Where did this lead? Growth plans have now been cut in the midst of a demand slowdown, Peloton’s CEO stepped down, and production was halted as unsold inventory sat in warehouses. Its stock currently sits at all-time lows.
While we do not wish to play Monday morning quarterback regarding Peloton’s decisions, perhaps a bit of temperance in its growth plans could have staved off the nasty hangover the company is currently experiencing. Protecting its margin and maintaining a sober view of notoriously fickle fitness spending trends, as well as holding more dry powder, could have all served the company well. Regardless of exact policy prescriptions, family businesses should manage their companies through long-term colored glasses, rather than assuming sunny days will always be with us.
Keep Your Wardrobe Varied
The reversal of fortunes for Planet Fitness and Peloton highlights another old maxim: Don’t put all your eggs in one basket. Per BMO Capital Markets analyst Simeon Siegel, “[Planet Fitness] embraced an omnichannel offering, [Peloton] argued solely for At-Home. Even the most high profile digital-only retailers realized they need to meet the customer where the customer wants to be, and not restrict their options.”

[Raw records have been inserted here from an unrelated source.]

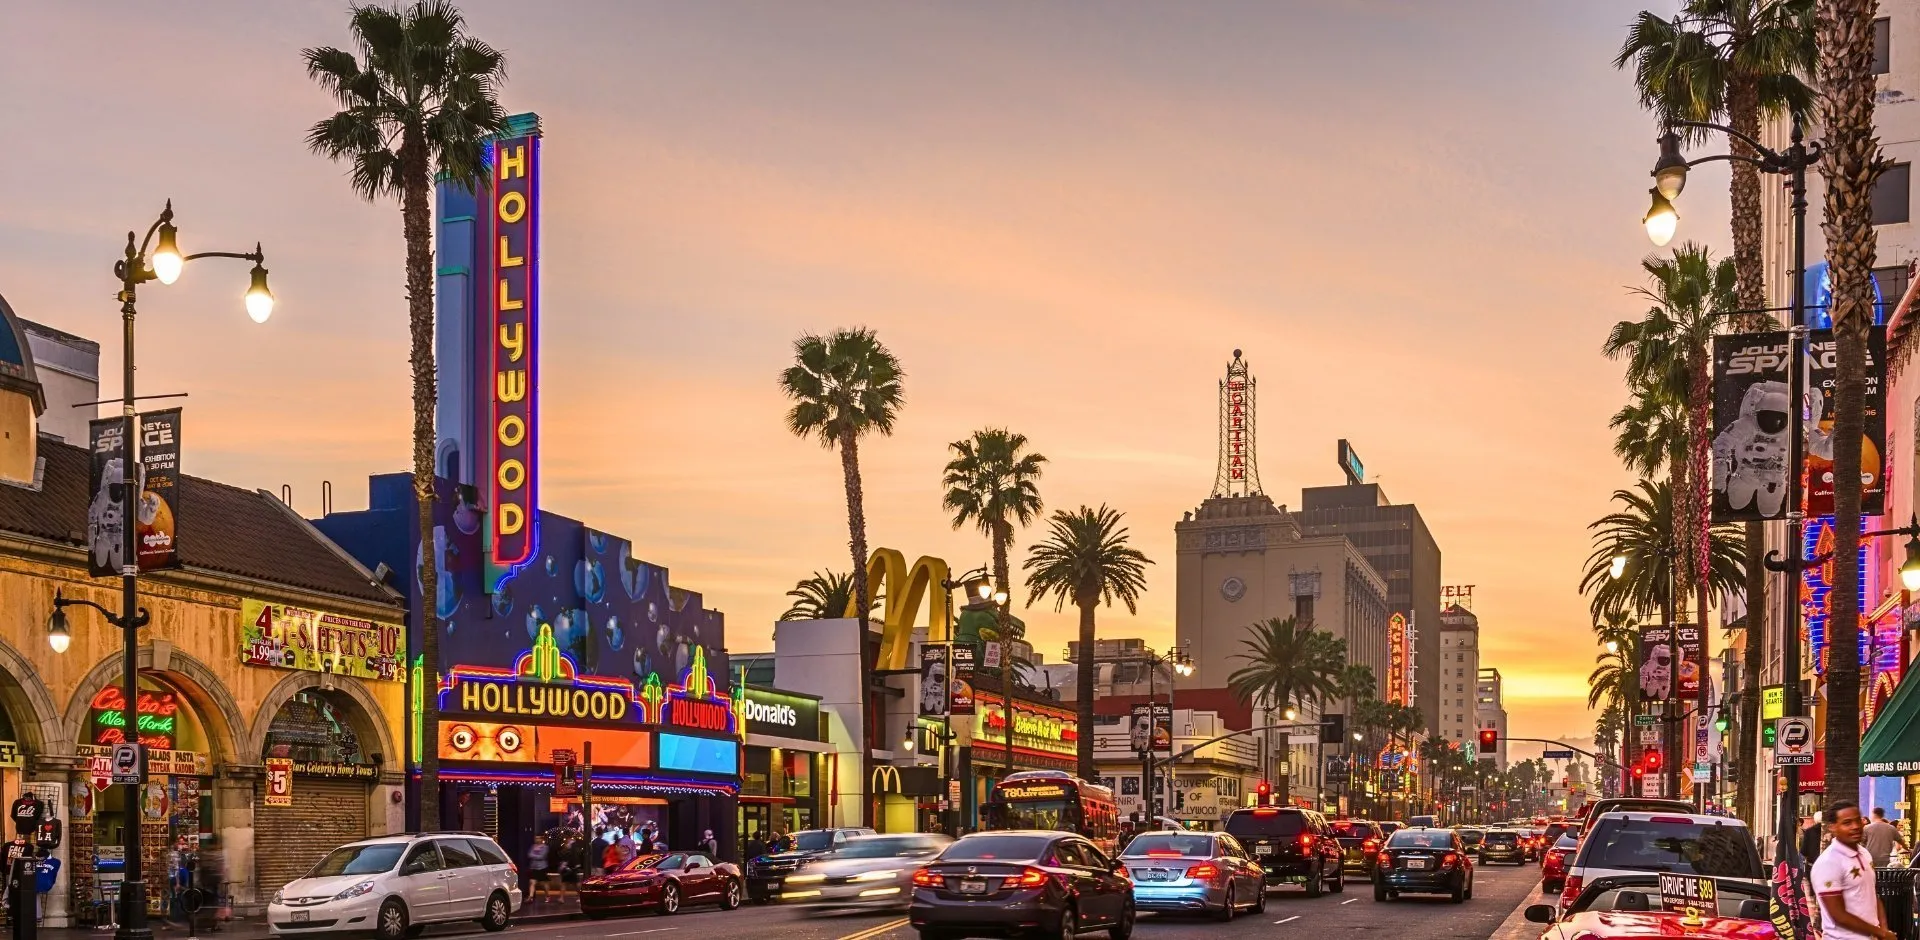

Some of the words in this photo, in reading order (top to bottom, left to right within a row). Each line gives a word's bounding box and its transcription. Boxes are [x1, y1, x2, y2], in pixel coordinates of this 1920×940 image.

[498, 146, 526, 535] HOLLYWOOD
[99, 421, 161, 438] JOUNEY
[95, 428, 174, 454] SPCE
[145, 453, 176, 463] EXHIBITION
[160, 461, 175, 469] FILM
[255, 605, 272, 638] 4
[1392, 632, 1402, 700] CAPITA
[462, 681, 627, 721] HOLLYWOOD
[98, 710, 126, 726] Ne
[672, 701, 727, 732] HOLLYWOOD
[745, 698, 797, 727] Donald's
[76, 745, 95, 756] PIZZA
[148, 751, 171, 762] SALADS
[175, 752, 194, 763] PASTA
[93, 757, 112, 770] ATM
[1778, 756, 1791, 764] PAY
[1793, 756, 1811, 764] HERE
[174, 763, 195, 774] KABOBS
[306, 762, 336, 774] Celebrity
[337, 764, 355, 775] Home
[1863, 762, 1894, 773] CAMERAS
[268, 769, 287, 794] $5
[1174, 779, 1217, 789] OUVENIRS
[1002, 787, 1025, 798] 780
[1189, 792, 1203, 801] OF
[17, 804, 36, 814] Cali
[1661, 875, 1685, 896] DRIVE
[1685, 877, 1698, 897] ME
[1698, 878, 1713, 900] $89
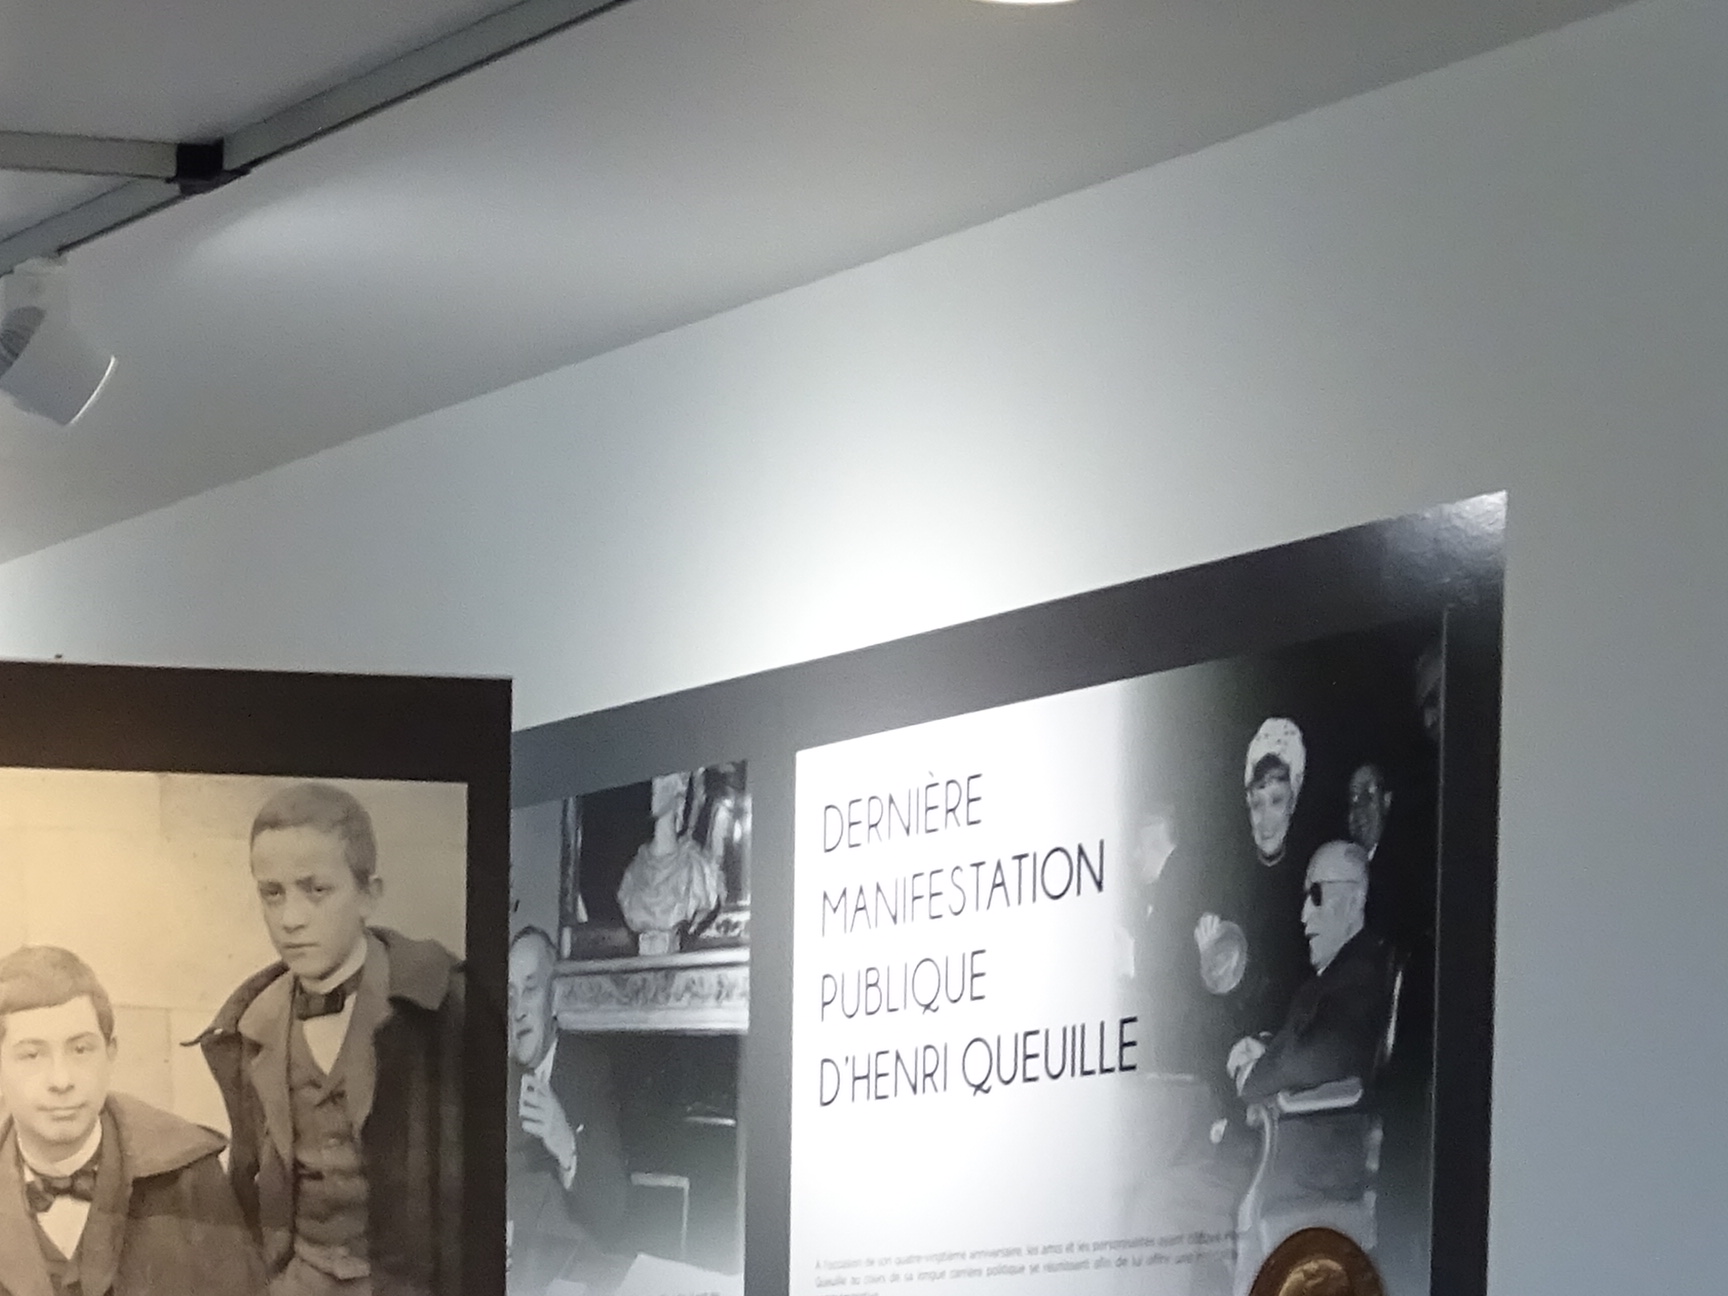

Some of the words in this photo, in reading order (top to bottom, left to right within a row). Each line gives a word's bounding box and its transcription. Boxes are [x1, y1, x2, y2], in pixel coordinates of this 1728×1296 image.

[823, 770, 983, 853] DERNIÈRE
[821, 839, 1105, 937] MANIFESTATION
[821, 949, 987, 1022] PUBLIQUE
[819, 1042, 948, 1106] D'HENRI
[961, 1016, 1139, 1097] QUEUILLE
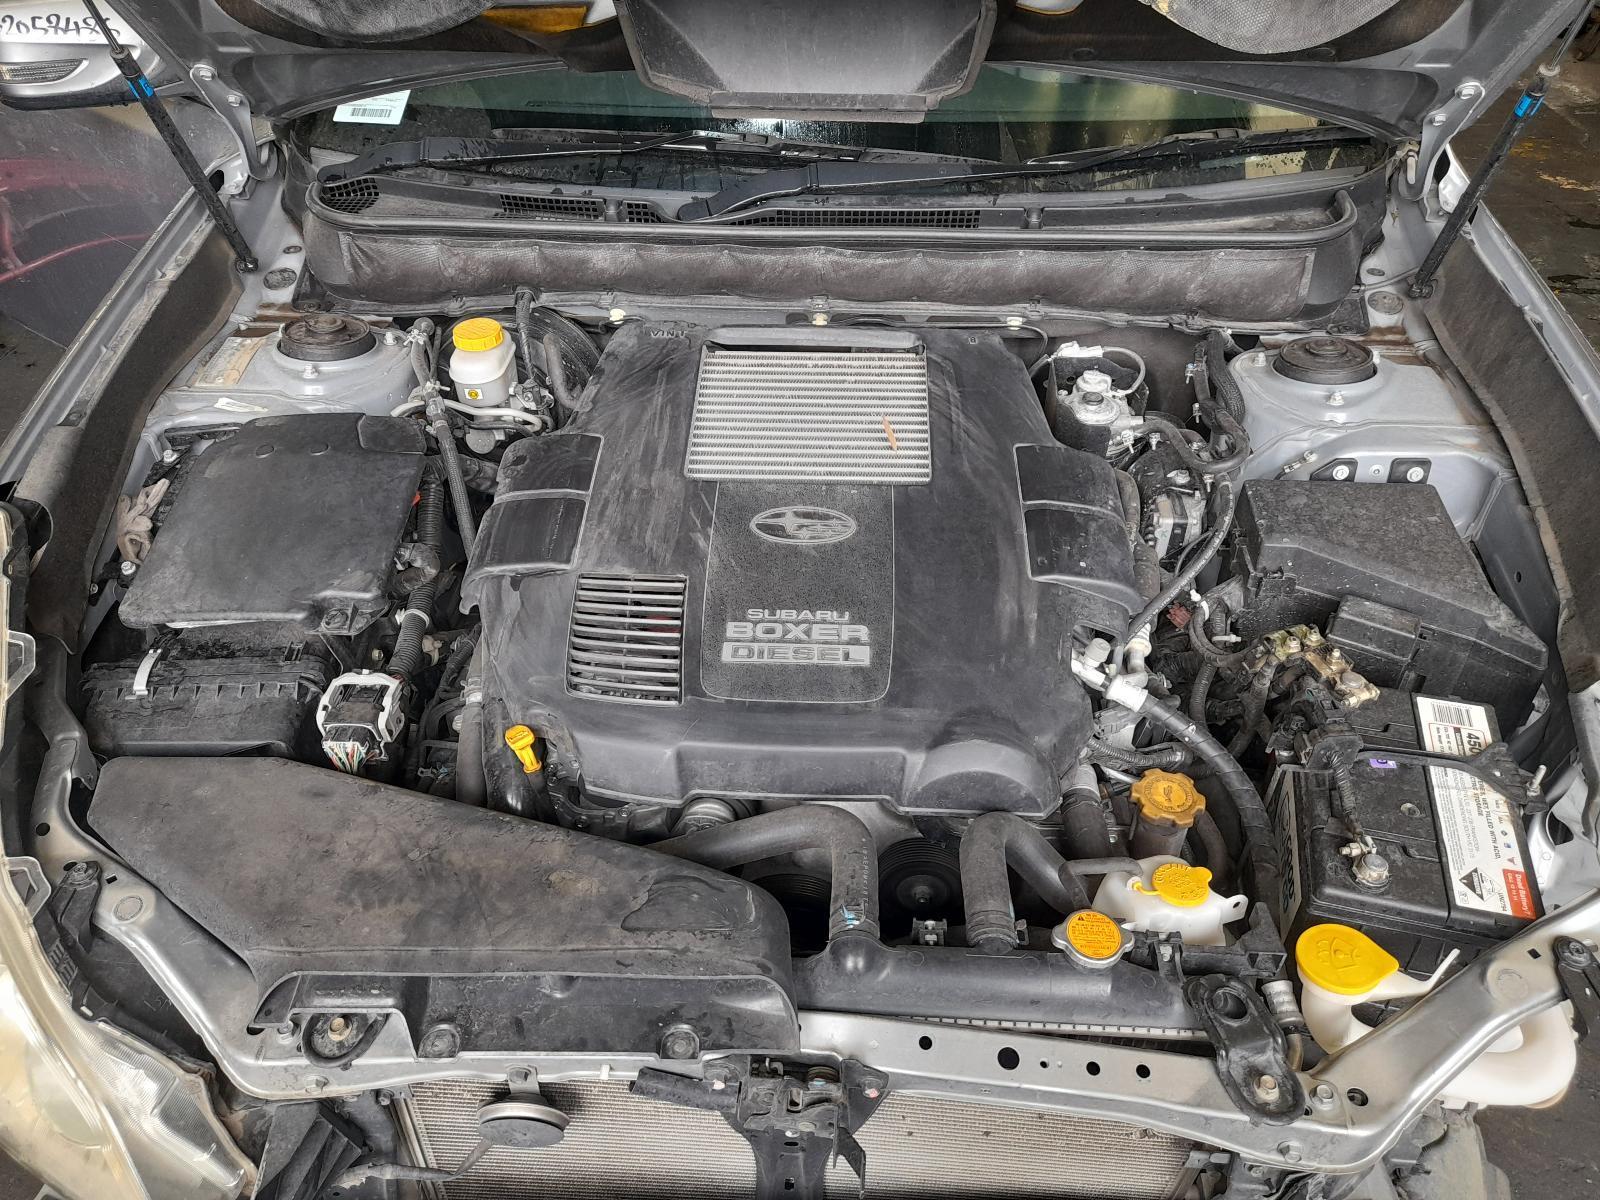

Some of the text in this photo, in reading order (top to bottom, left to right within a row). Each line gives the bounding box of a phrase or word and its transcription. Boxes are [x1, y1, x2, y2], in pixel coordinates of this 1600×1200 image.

[747, 608, 850, 621] SUBARU
[726, 621, 870, 642] BOXER
[730, 644, 866, 663] DIESEL

Peloton draws an almost cult-like following from its adherents and boosts high usage rates and low subscription churn. However, its end-users do represent a market niche, and Peloton overestimated the change in market dynamics brought on by the pandemic to expand its singular end-market. While the company is currently tightening its belt and looking to diversify its app offerings, whether new management can shift the company into the right gear remains to be seen.
Planet Fitness, in addition to its non-ostentatious wardrobe and defensive posture, is using success to fund smart diversification. Its digital fitness app is the number two free app on the Apple Store, and the company is currently beta testing a paid version to take a slice of the digital fitness market. While likely not to convert to a digital-first company overnight, Planet Fitness sees this diversification to strengthen its core business: Asset-light, low-frills, and industry-leading pricing.
Stuck in Colder Weather
Nobel Prize-winning economist Paul Samuelson once said that Wall Street had predicted nine out of the last five recessions. And while some economists or perma-bears may sometimes overreact to the state of the economy, the fall from grace of Peloton has us thinking more about how family businesses can weather storms when they undoubtedly arrive.
Family businesses think of their lifespans over generations, and we think this gives them the perfect perspective to face the current stock-market sell-off, rise in interest rates, and potential economic slowdown.
Understanding your business season, preparing for the downside, and intelligently diversifying are all ways family businesses can traverse the middle way.